First we need to read the json file into a list of Python dictionaries

In [None]:
import json
import pandas as pd
import numpy as np
from collections import defaultdict

In [None]:
with open("courses20-21.json","r",encoding='utf-8') as jsonfile:
    courses = json.load(jsonfile)

## Structure of a course
Next we look at the fields of each course dictionary and their values

In [None]:
print('there are',len(courses),'courses in the dataset')
print('here is the data for course 1246')
courses[1246]

## Cleaning the data
If we want to sort courses by instructor or by code, we need to replace the lists with tuples (which are immutable lists)

In [None]:
for course in courses:
        course['instructor'] = tuple(course['instructor'])
        course['coinstructors'] = tuple([tuple(f) for f in course['coinstructors']])
        course['code']= tuple(course['code'])

In [None]:
print('notice that the instructor and code are tuples now')
courses[1246]

# Exploring the data set
Now we will show how to use straight python to explore the data set and answer some interesting questions. Next week we will start learning Pandas/Numpy which are packages that make it easier to explore large dataset efficiently.

Here are some questions we can try to asnwer:
* what are all of the subjects of courses (e.g. COSI, MATH, JAPN, PHIL, ...)
* which terms are represented?
* how many instructors taught at Brandeis last year?
* what were the five largest course sections?
* what were the five largest courses (where we combine sections)?
* which are the five largest subjects measured by number of courses offered?
* which are the five largest courses measured by number of students taught?
* which course had the most sections taught in 20-21?
* who are the top five faculty in terms of number of students taught?
* etc.

### * What are all of the subjects of courses (e.g. COSI, MATH, JAPN, PHIL, ...)

In [None]:
subjects = {c['subject'] for c in courses }
print(subjects)

### * How many instructors taught at Brandeis last year?

In [None]:
instructors = len({c['instructor'] for c in courses if c['subject'] == 'COSI' })
instructors

### * Which terms are represented?

In [None]:
terms = {c['term'] for c in courses }
terms

### * What is the total number of students taking COSI courses last year?

In [None]:
total = 0
for c in courses:
    if c['subject'] == 'COSI':
        total += c['enrolled']
total

### * What was the median size of a COSI course with at least 1 student?

In [None]:
median = []
for c in courses:
    if c['subject'] == 'COSI' and c['enrolled'] >= 1:
        median.append(c['enrolled'])
np.median(median)

### * Which are the five largest courses measured by number of students taught?

In [None]:
student_list = {}
for c in courses:
    if c['subject'] in student_list:
        student_list[c['subject']] += c['enrolled']
    else:
        student_list[c['subject']] = c['enrolled']
students_courses = []
for subject, num in student_list.items():
    students_courses.append((subject, num))
students_courses.sort(key=lambda x: x[1], reverse=True)
students_courses[0:5]

### * Which are the five largest subjects measured by number of courses offered?

In [None]:
subjects = defaultdict(set)
for c in courses:
    subjects[c['subject']].add(c['name'])
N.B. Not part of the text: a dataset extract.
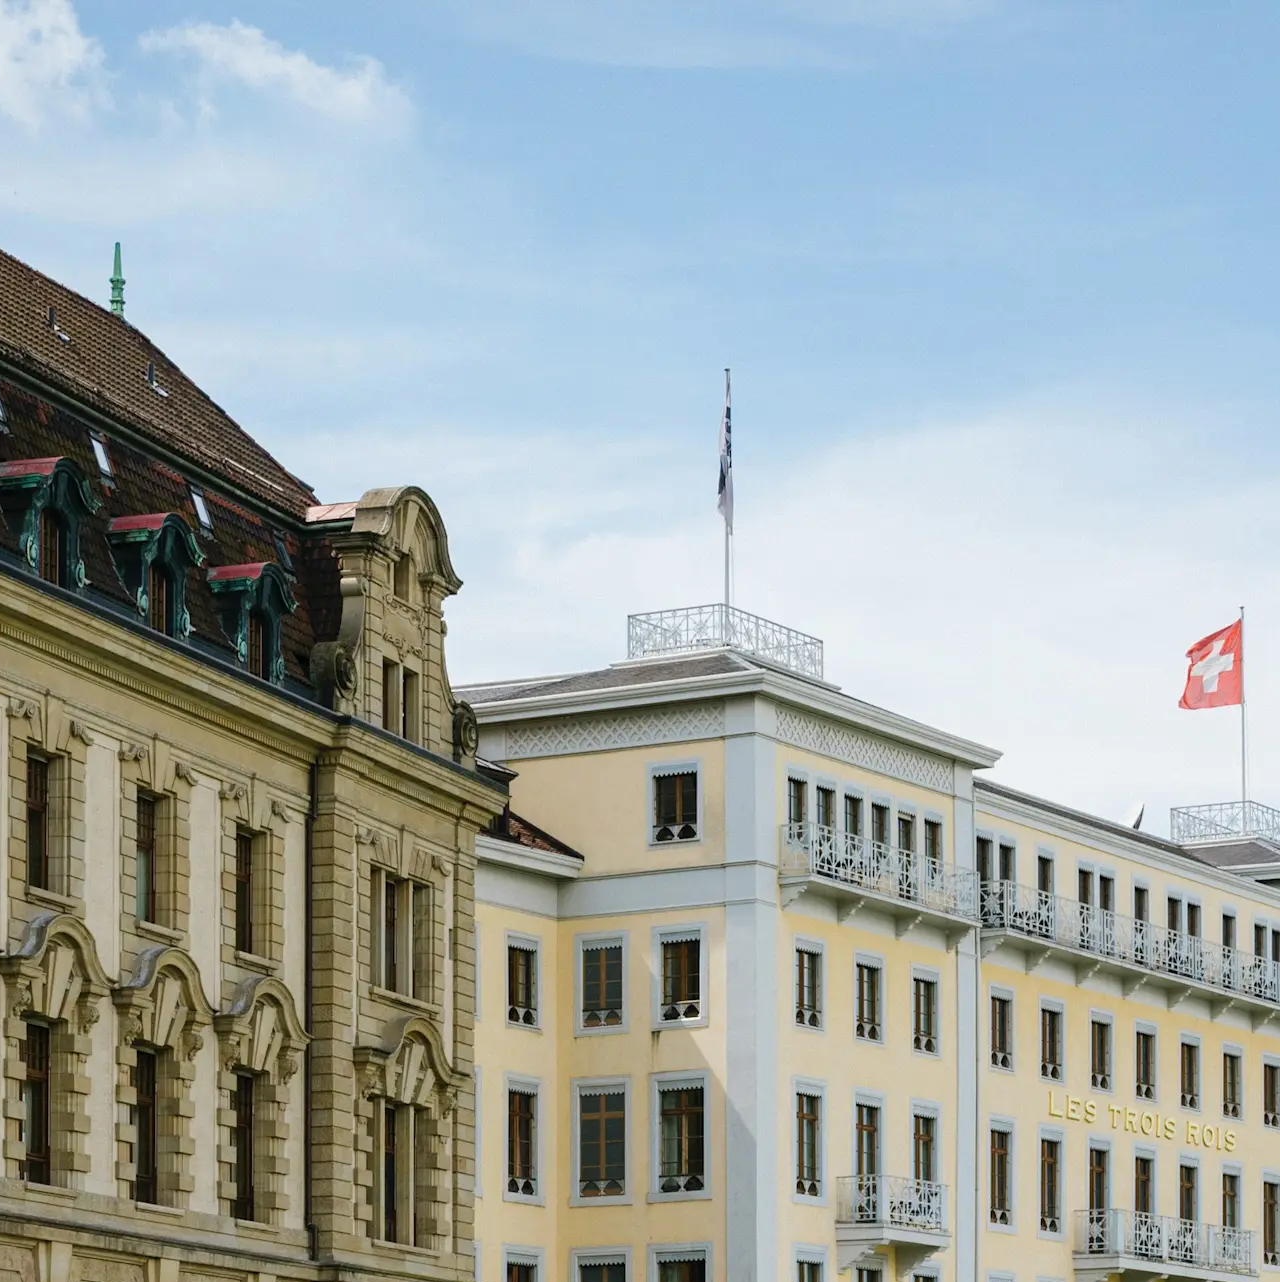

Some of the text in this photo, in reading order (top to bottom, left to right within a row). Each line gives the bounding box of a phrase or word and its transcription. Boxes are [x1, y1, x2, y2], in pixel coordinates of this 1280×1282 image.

[1048, 1090, 1237, 1152] LES TROIS ROIS
subjects_course_count = []
for subject, course in subjects.items():
    subjects_course_count.append((subject, len(course)))
subjects_course_count.sort(key=lambda x: x[1], reverse=True)
subjects_course_count[0:5]

### * Which are the five largest courses measured by number of faculty teaching courses in that subject?

In [None]:
faculty = defaultdict(set)
for c in courses:
    faculty[c['subject']].add(c['instructor'][2])

faculty_count = []
for subject, instructor in faculty.items():
    faculty_count.append((subject, (len(instructor))))
faculty_count.sort(key=lambda x: x[1], reverse=True)
faculty_count[0:5]